SUPPLIED MATERIAL >>
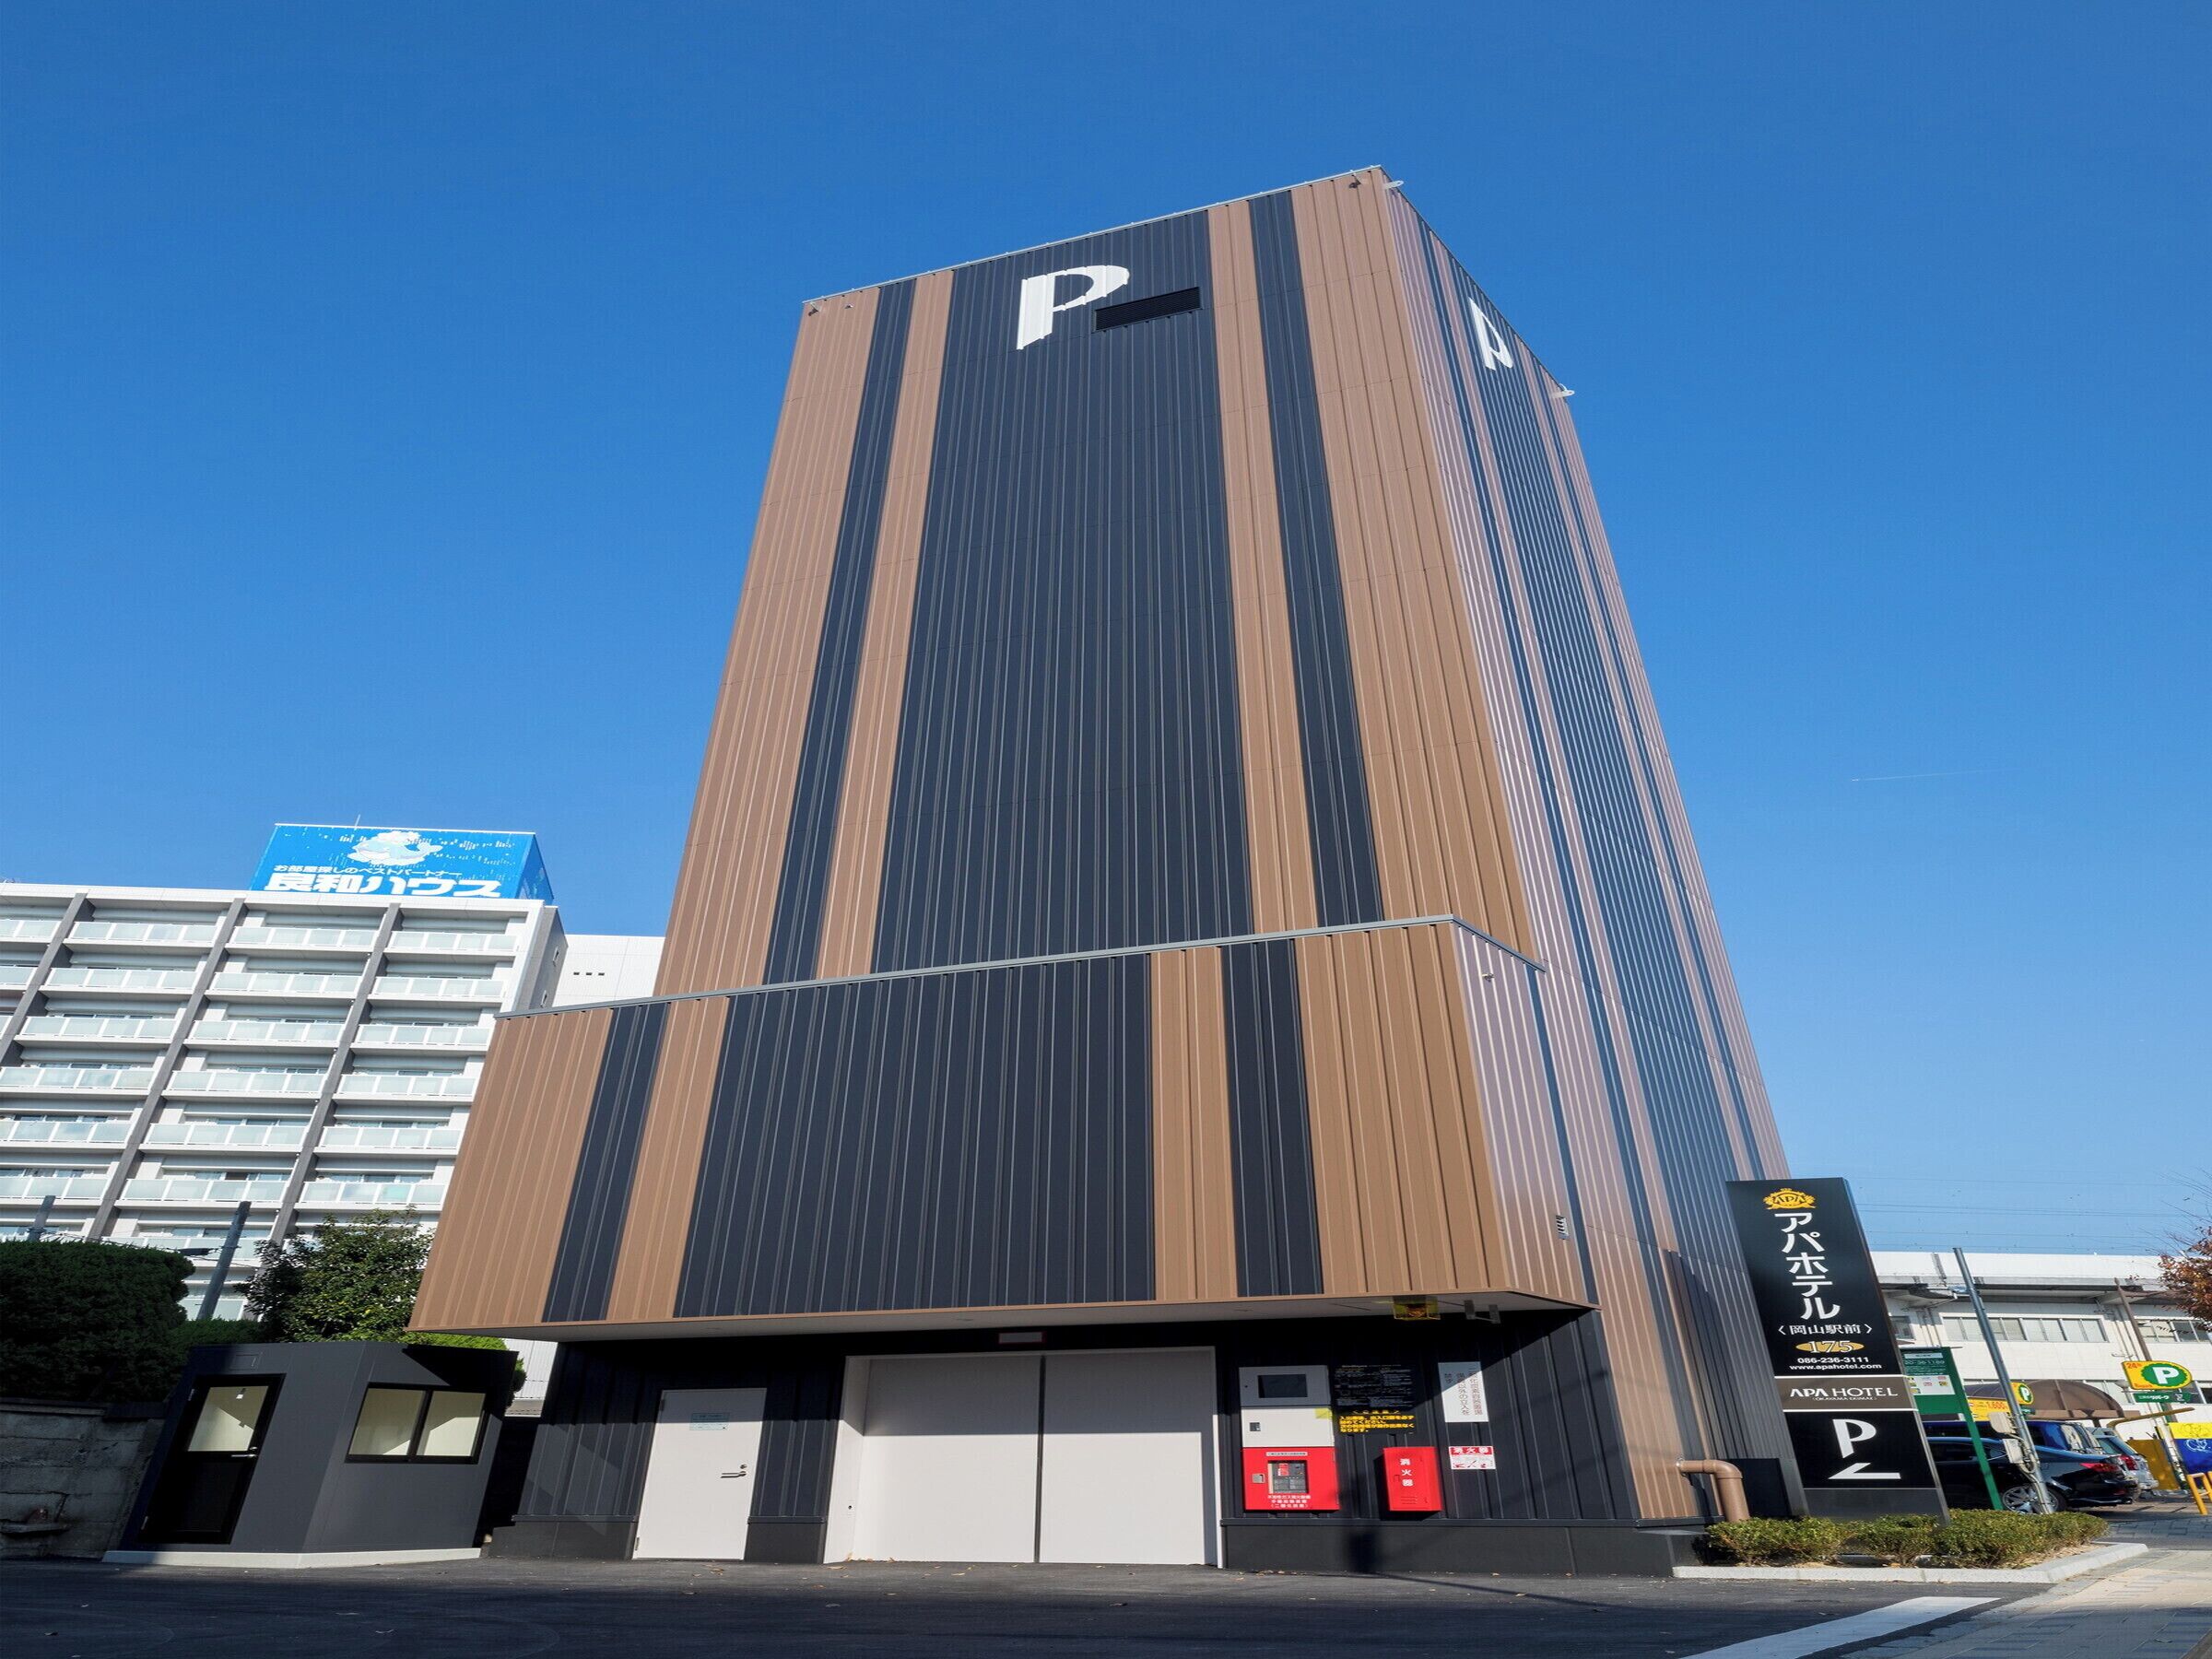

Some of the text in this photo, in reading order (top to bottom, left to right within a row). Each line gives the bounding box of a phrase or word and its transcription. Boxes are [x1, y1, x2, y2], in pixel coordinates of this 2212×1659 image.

[1016, 265, 1131, 350] P
[1467, 296, 1514, 371] P
[264, 871, 502, 898] 良和ハウス
[1774, 1212, 1841, 1320] アパホテル
[1807, 1340, 1853, 1354] 175
[2152, 1366, 2180, 1384] P
[1790, 1387, 1899, 1397] APA HOTEL
[2022, 1386, 2030, 1403] P
[1832, 1418, 1877, 1459] P
[1399, 1458, 1414, 1487] 消火器
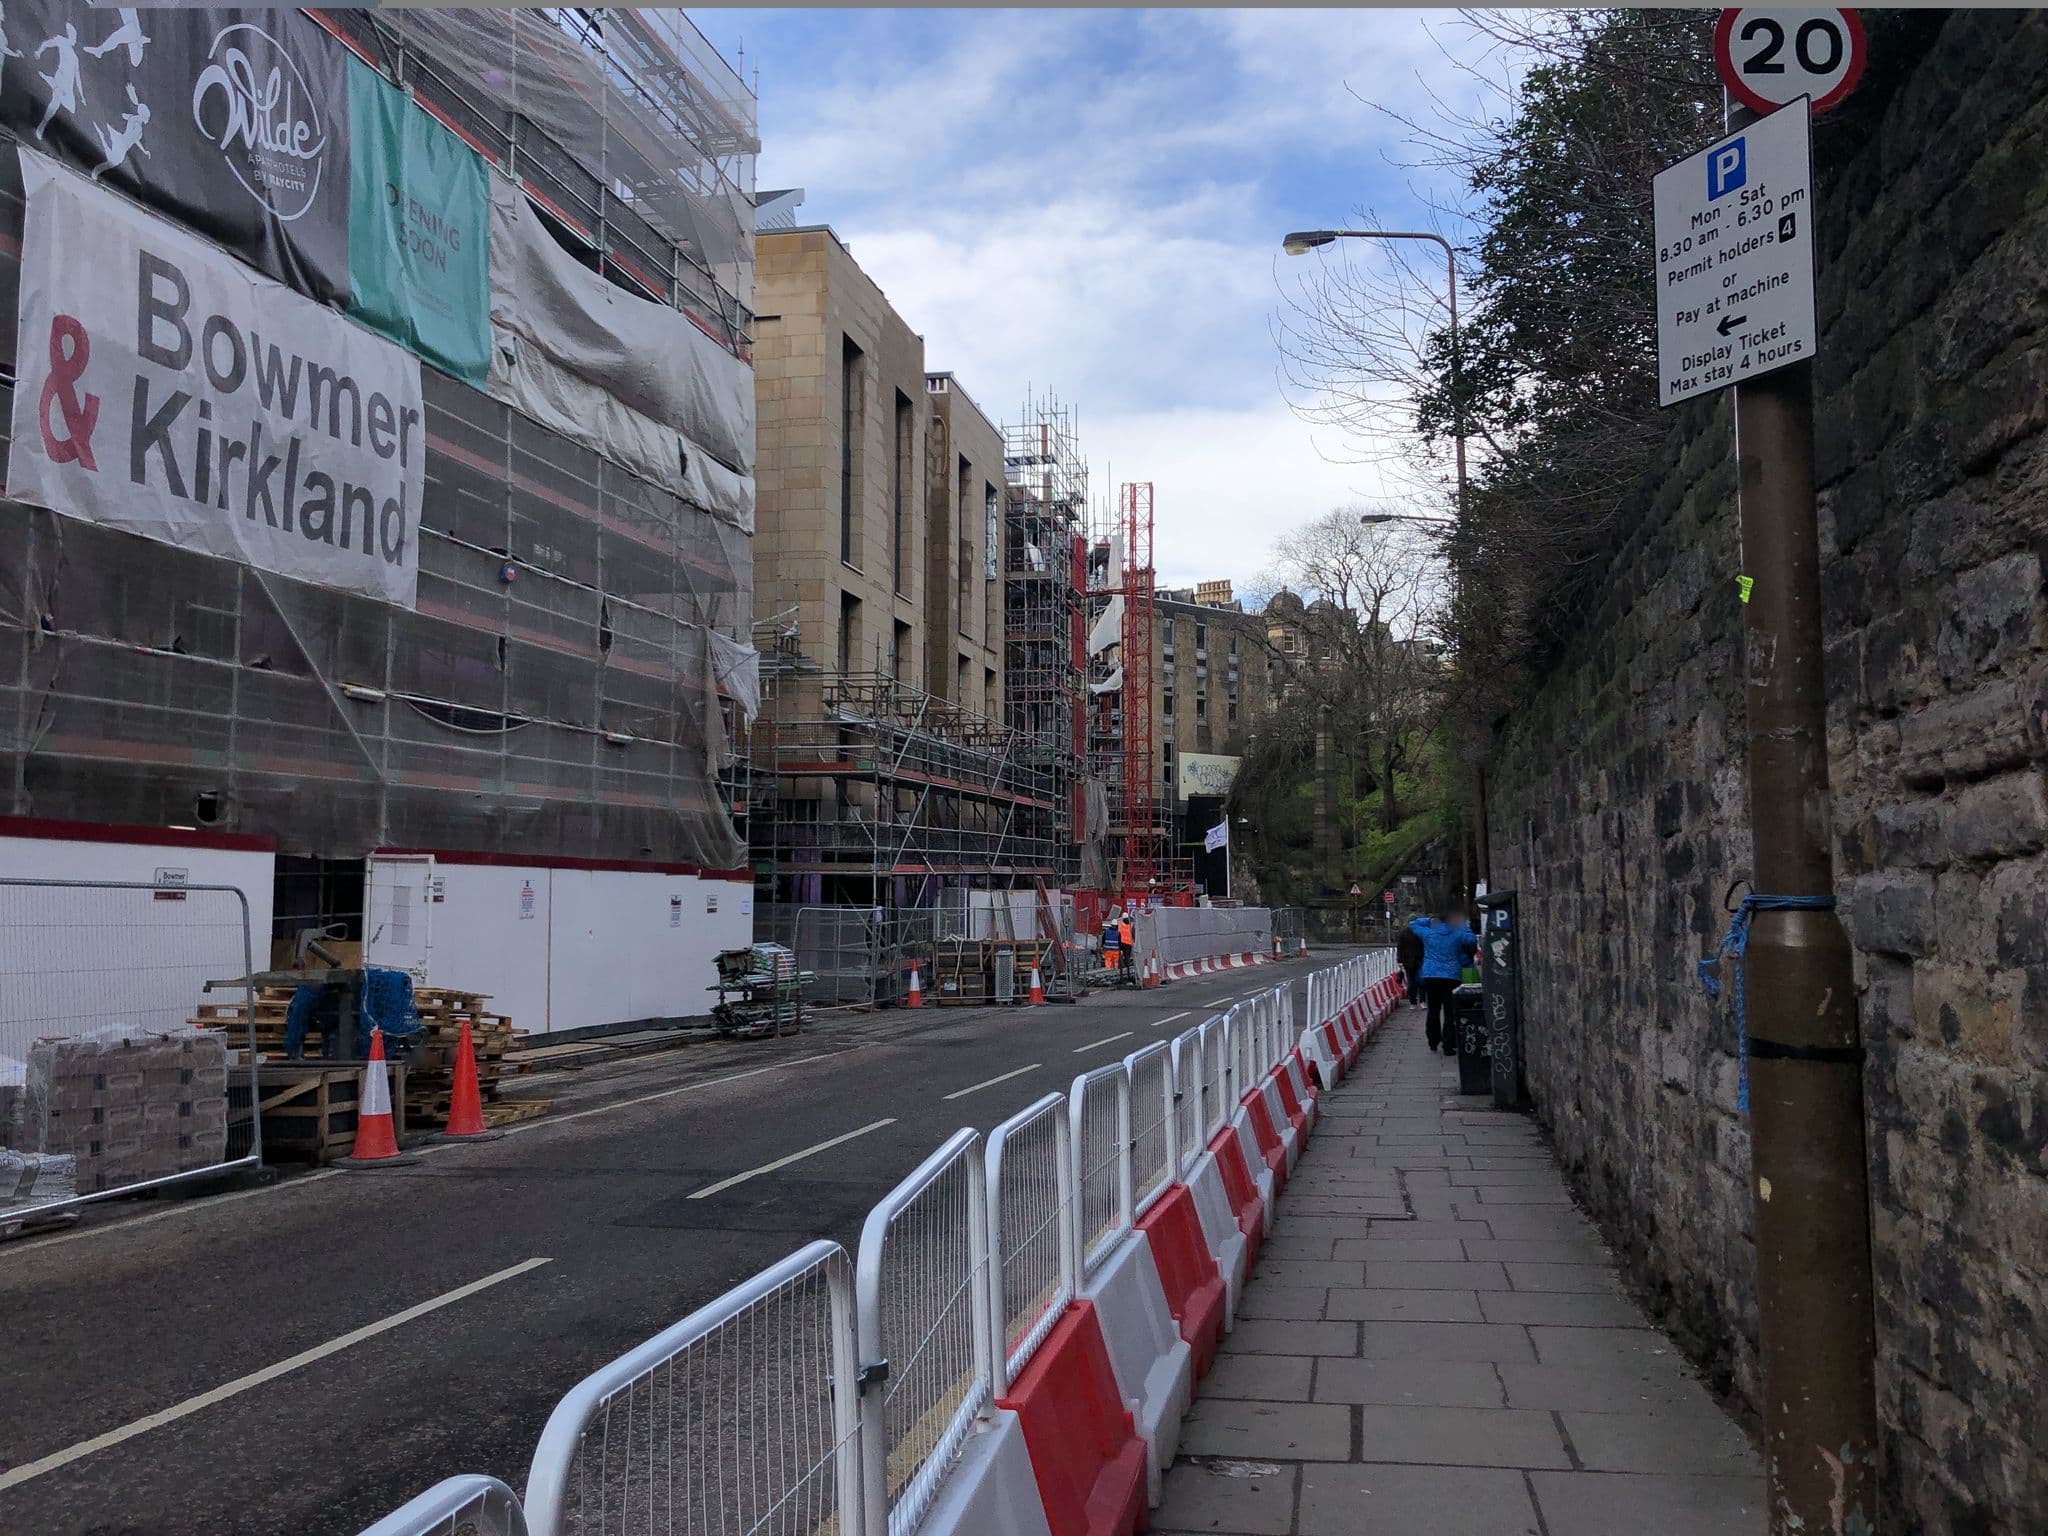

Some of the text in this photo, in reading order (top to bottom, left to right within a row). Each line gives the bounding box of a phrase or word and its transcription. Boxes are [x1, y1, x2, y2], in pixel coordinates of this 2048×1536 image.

[1740, 17, 1844, 75] 20
[192, 47, 327, 160] Wilde
[253, 169, 267, 182] BY
[1716, 147, 1740, 193] P
[1659, 236, 1693, 263] 8.30
[1698, 227, 1719, 246] am
[1737, 199, 1774, 228] 6.30
[1781, 187, 1805, 211] pm
[1690, 207, 1721, 230] Mon
[1739, 182, 1767, 207] Sat
[1668, 217, 1794, 287] Permit holders 4
[1722, 272, 1738, 289] or
[1676, 271, 1790, 327] Pay at machine
[137, 248, 420, 470] Bowmer
[1670, 338, 1803, 396] Max stay 4 hours
[1682, 321, 1787, 373] Display Ticket
[39, 314, 100, 472] &
[130, 375, 407, 567] Kirkland
[1495, 909, 1509, 928] P

DESCRIPTION OF THE TASK >> Write out only the lines from the one containing "this 2048×1536 image." through the end of the listing above, exactly as they stand.

EXERCISE RESULT >>
Some of the text in this photo, in reading order (top to bottom, left to right within a row). Each line gives the bounding box of a phrase or word and its transcription. Boxes are [x1, y1, x2, y2], in pixel coordinates of this 2048×1536 image.

[1740, 17, 1844, 75] 20
[192, 47, 327, 160] Wilde
[253, 169, 267, 182] BY
[1716, 147, 1740, 193] P
[1659, 236, 1693, 263] 8.30
[1698, 227, 1719, 246] am
[1737, 199, 1774, 228] 6.30
[1781, 187, 1805, 211] pm
[1690, 207, 1721, 230] Mon
[1739, 182, 1767, 207] Sat
[1668, 217, 1794, 287] Permit holders 4
[1722, 272, 1738, 289] or
[1676, 271, 1790, 327] Pay at machine
[137, 248, 420, 470] Bowmer
[1670, 338, 1803, 396] Max stay 4 hours
[1682, 321, 1787, 373] Display Ticket
[39, 314, 100, 472] &
[130, 375, 407, 567] Kirkland
[1495, 909, 1509, 928] P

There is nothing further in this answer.